Public Sub ProcessFLFile()
    Dim InRecord As InfileInfo, strInRec as string, intInFileNo as integer

    strInfile = "C:\filename.txt"
    intInFileNo = FreeFile
    Open strInfile For Input As #intInFileNo

    Do While Not EOF(intInFileNo)
        Line Input #intInFileNo, strInRec
        InRecord = strInRec ' << type mismatch here
Any help gratefully appreciated.
 
You find this behavior strange? I don't know of any language that behaves in any other fashion. There is no implied order in a Type definition. So there is no way to make the engine understand that Field1 is the first 30 characters. Or is Field2 the first 6? Maybe Field3 is 4 characters starting after the 6th?

[red]"... isn't sanity really just a one trick pony anyway?! I mean, all you get is one trick, rational thinking, but when you are good and crazy, oooh, oooh, oooh, the sky is the limit!" - The Tick[/red]
 
Perhaps:

Code:
Type RecordX    ' Define user-defined type.
    ID As String * 2
    NameX As String * 20
End Type

Sub GetRecord()

Dim MyRecord As RecordX    ' Declare variable.
Open "C:\docs\TESTFILE.txt" For Random As #1 Len = Len(MyRecord)
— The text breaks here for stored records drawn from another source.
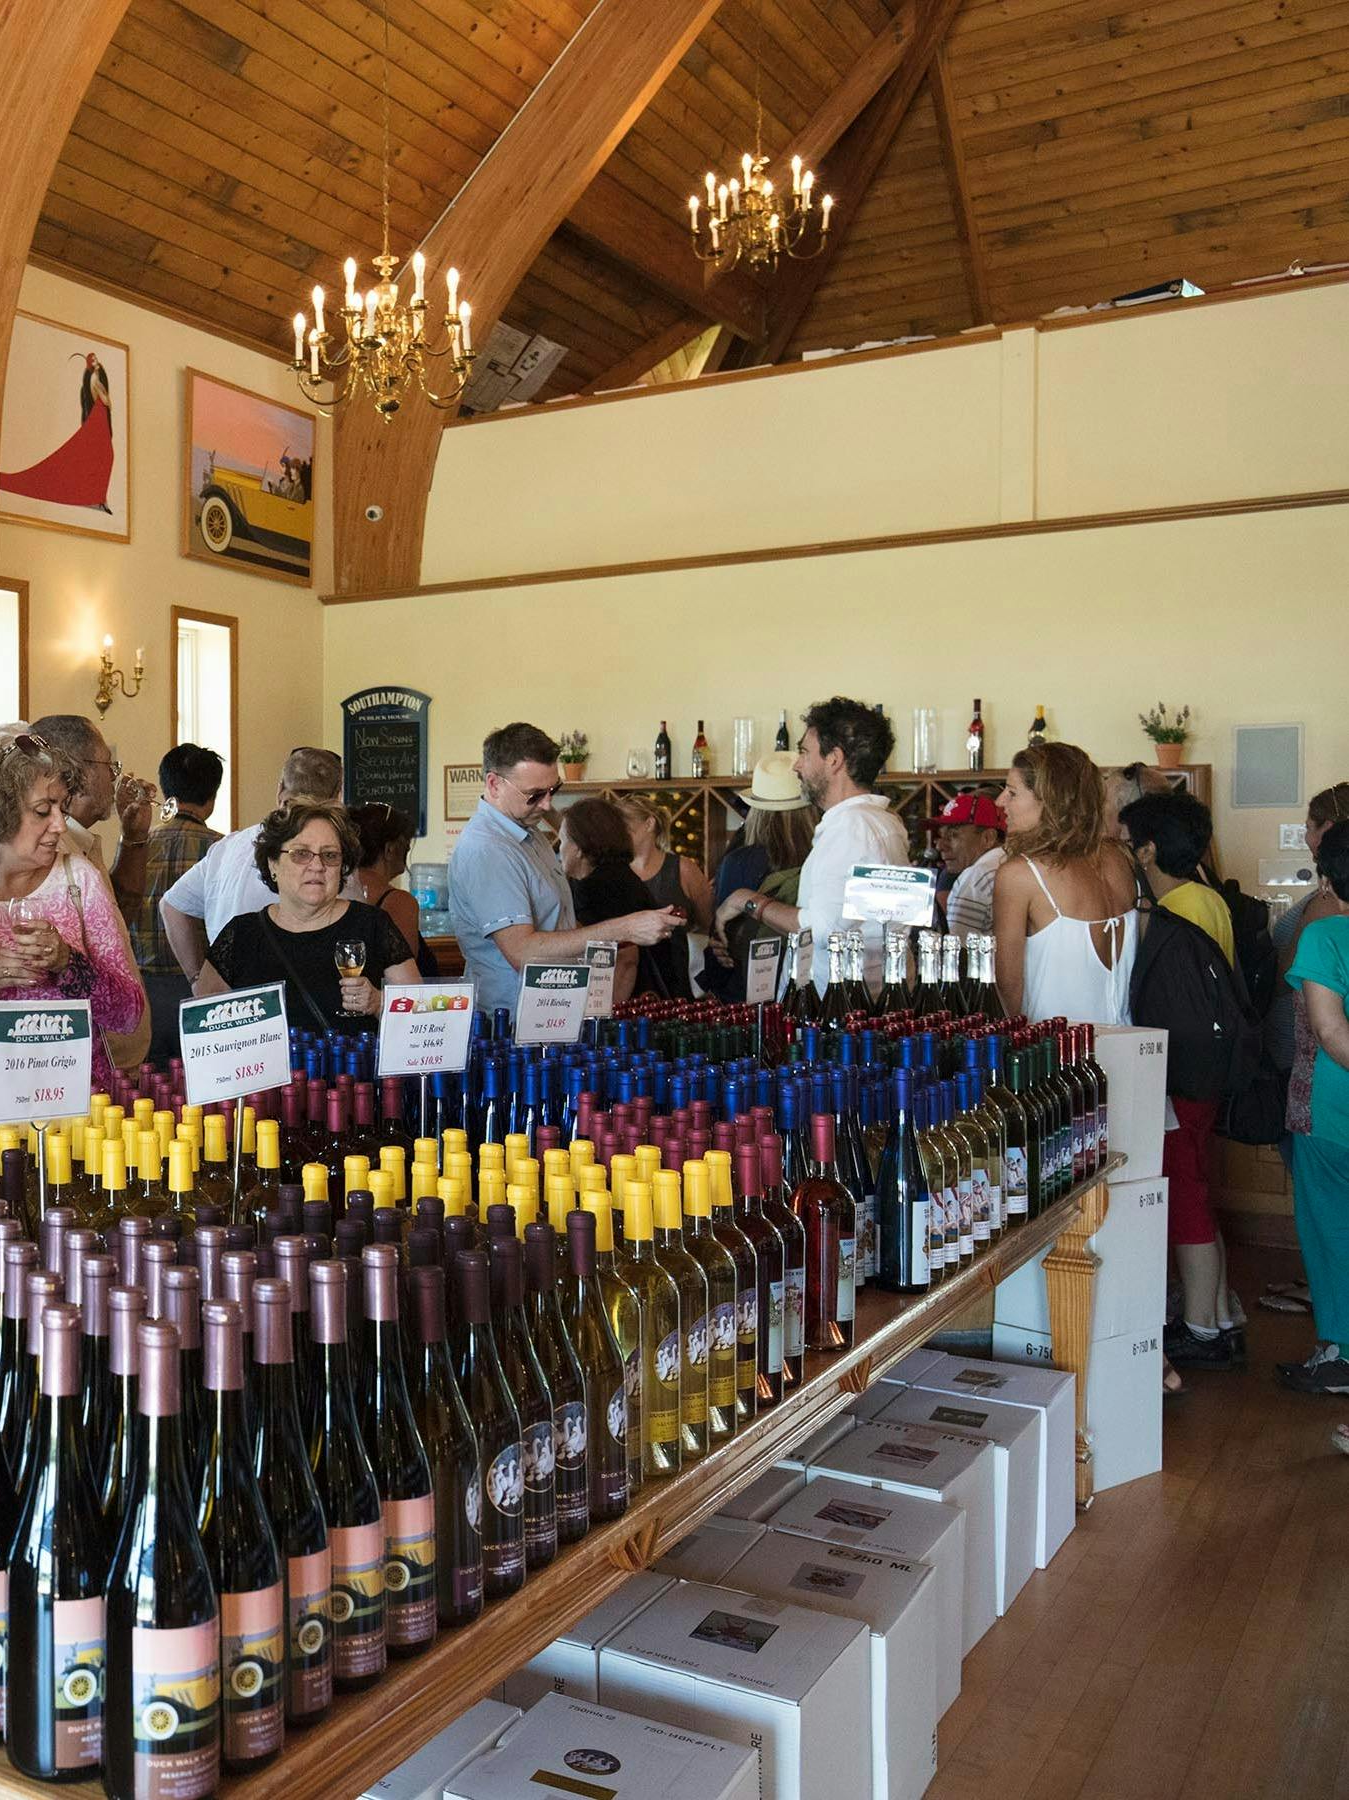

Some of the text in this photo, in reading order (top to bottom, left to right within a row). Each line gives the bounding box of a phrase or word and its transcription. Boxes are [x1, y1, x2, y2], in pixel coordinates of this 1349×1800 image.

[347, 692, 424, 715] SOUTHAMPTON
[449, 769, 483, 783] WARN
[396, 1000, 462, 1011] SALE
[208, 1017, 259, 1031] DUCK WALK
[410, 1023, 446, 1034] 2015 Rosé
[15, 1035, 39, 1043] DUCK
[190, 1032, 282, 1059] 2015 Sauvignon Blanc
[5, 1055, 76, 1070] 2016 Pinot Grigio
[235, 1062, 265, 1080] $18.95
[34, 1087, 64, 1102] $18.95
[828, 1548, 882, 1565] 12-750
[890, 1561, 916, 1573] ML
[67, 1725, 92, 1734] DUCK
[147, 1757, 199, 1768] DUCK WALK
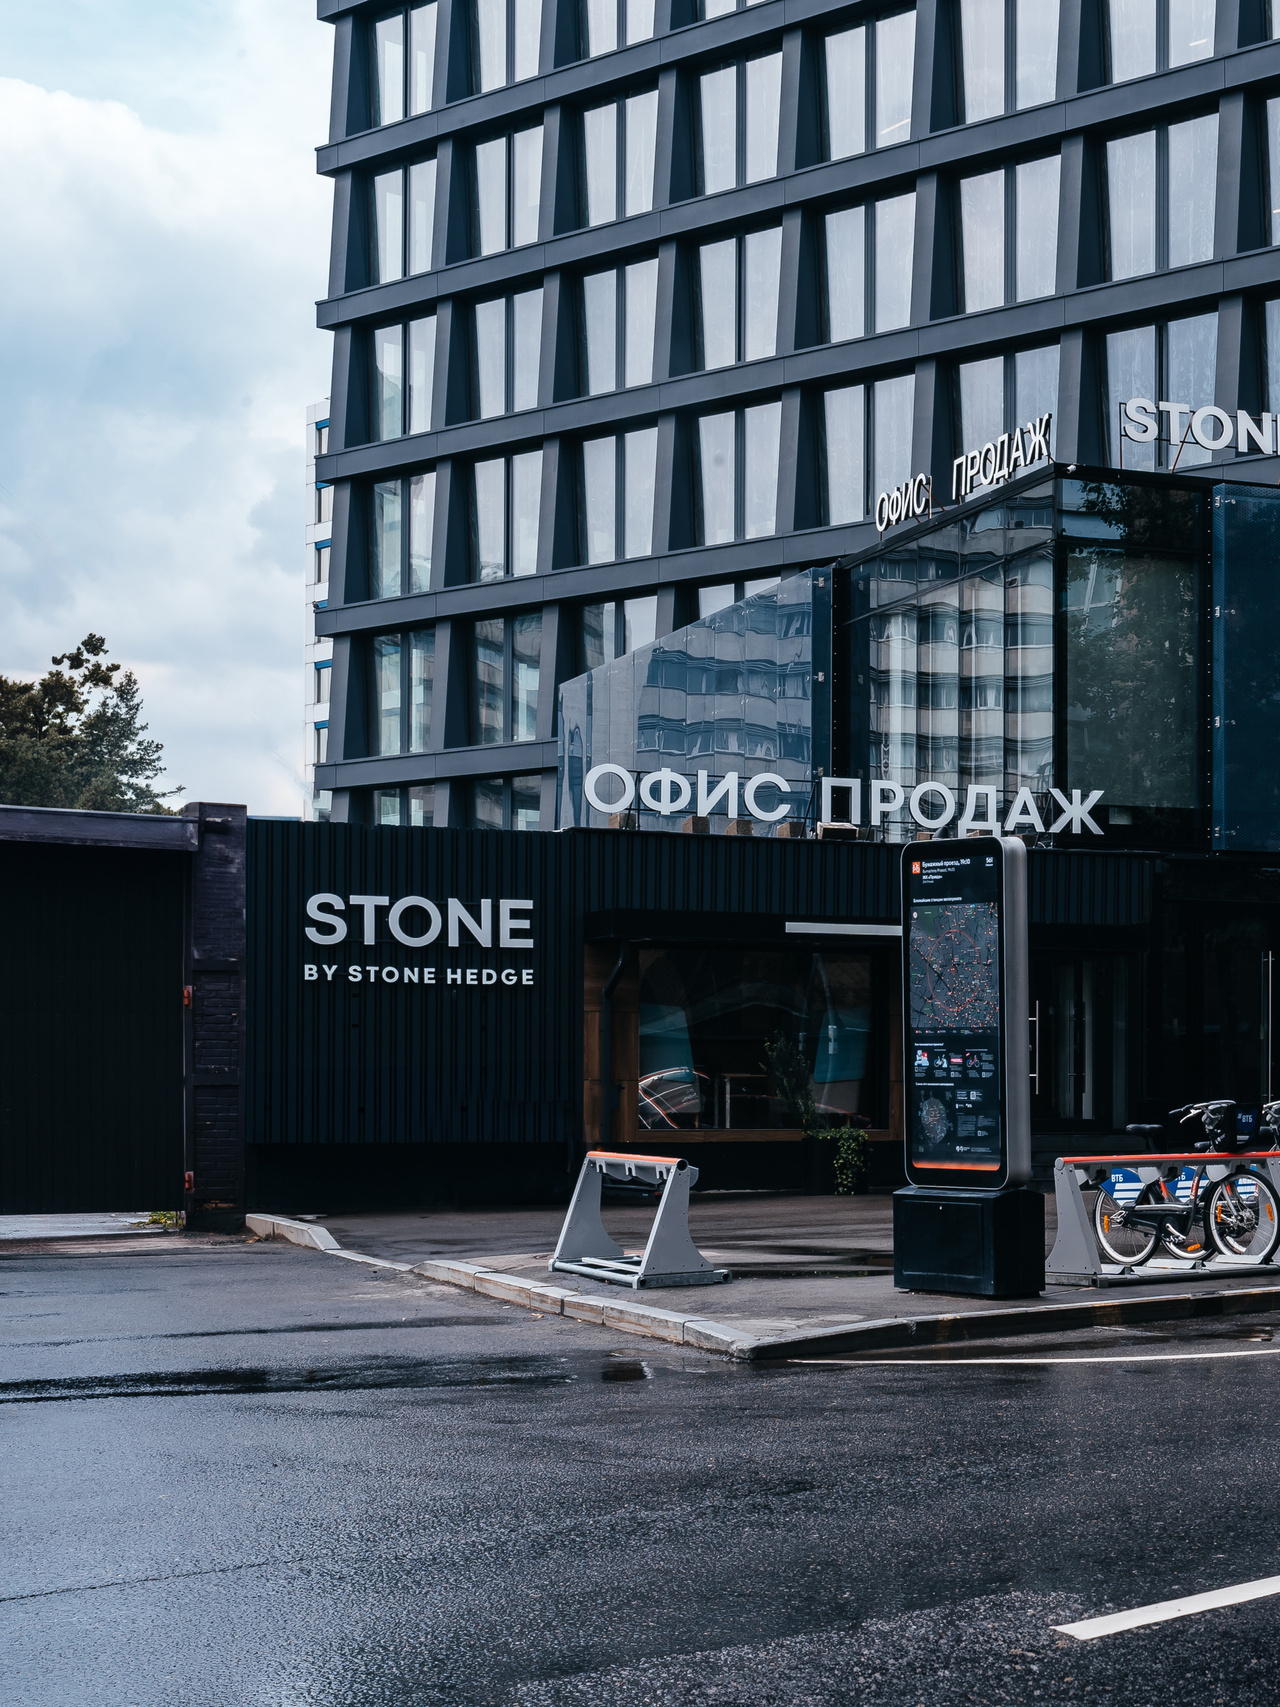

    Position = 1    ' Define record number.
    Get #1, Position, MyRecord    ' Read record.
    
    Debug.Print MyRecord.ID
    Debug.Print MyRecord.NameX

Close #1

End Sub

 
EBGreen:- Cobol?

Remou:- That's what I thought too, but it gave me the same error, as if record had to be read into a string.
 
Try running the code exactly as I did, because it worked for me. The TESTFILE.txt consisted of two lines:

[tt]10abcdefghijklmnopqqqq
11abcdefghijklmnopqqqq[/tt]

I also tried with a record type:

Code:
Type RecordX    ' Define user-defined type.
    ID As String * 2
    NameX As String * 16
    NameY As String * 4
End Type

and that worked as well.

 
Cheers Remou. It must have been something to do with me using Open As Input with Line Input versus your Open as Random with Get that made the difference, because mine didn't work and yours did!
However, although the first line in my my input file (created in a text editor) read in okay, the 2nd record was offset. I was able to fix this by adjusting the record length on my Open statement to say
Code:
Open strInfile For Random As #intInFileNo Len = Len(InRecord) [COLOR=red]+ 2[/color]
I presume it needed to take the CR and the LF into account (presumably could have declared them at the end of my UDT too).
 
Just going back to EBGreen's point for a minute, isn't there an implied order in a UDT? And if not, then is there another easy way to achieve the same effect i.e. mapping a group level field and then being able to reference the lower level fields?